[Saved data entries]
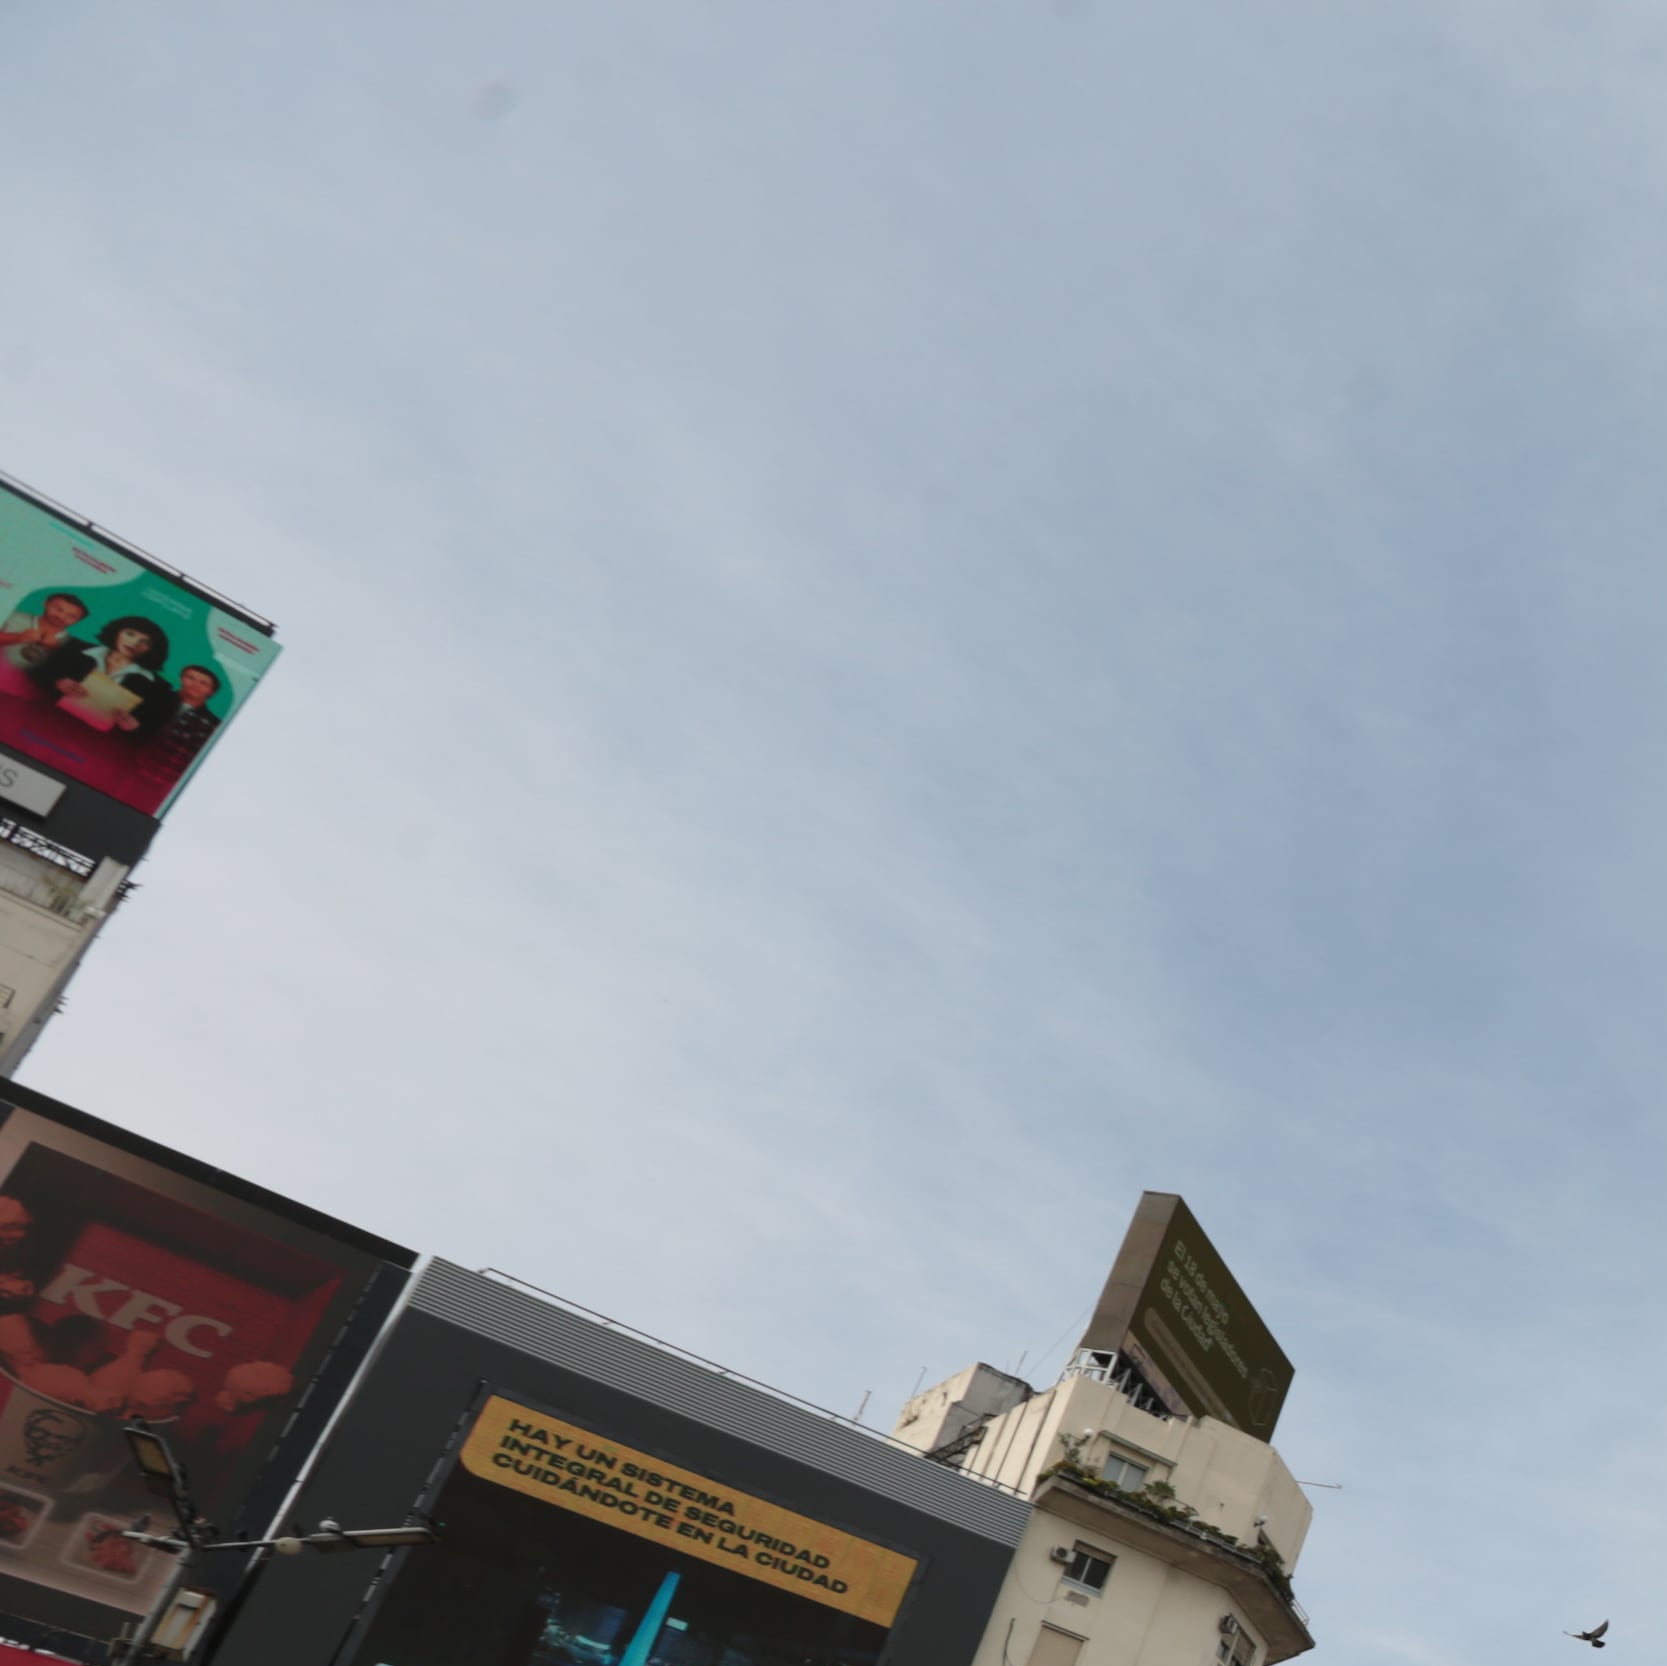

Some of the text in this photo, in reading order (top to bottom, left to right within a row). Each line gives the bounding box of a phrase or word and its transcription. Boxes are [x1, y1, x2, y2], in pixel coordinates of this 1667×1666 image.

[39, 1263, 234, 1358] KFC
[492, 1453, 848, 1594] CUIDÁNDOTE EN LA CIUDAD
[499, 1435, 831, 1569] INTEGRAL DE SEGURIDAD
[509, 1418, 735, 1516] HAY UN SISTEMA

TASK TO CARRY OUT:
Every entry above is to be copied verbatim, with the pictures removed.

RESPONSE TO THIS EXERCISE:
Some of the text in this photo, in reading order (top to bottom, left to right within a row). Each line gives the bounding box of a phrase or word and its transcription. Boxes are [x1, y1, x2, y2], in pixel coordinates of this 1667×1666 image.

[39, 1263, 234, 1358] KFC
[492, 1453, 848, 1594] CUIDÁNDOTE EN LA CIUDAD
[499, 1435, 831, 1569] INTEGRAL DE SEGURIDAD
[509, 1418, 735, 1516] HAY UN SISTEMA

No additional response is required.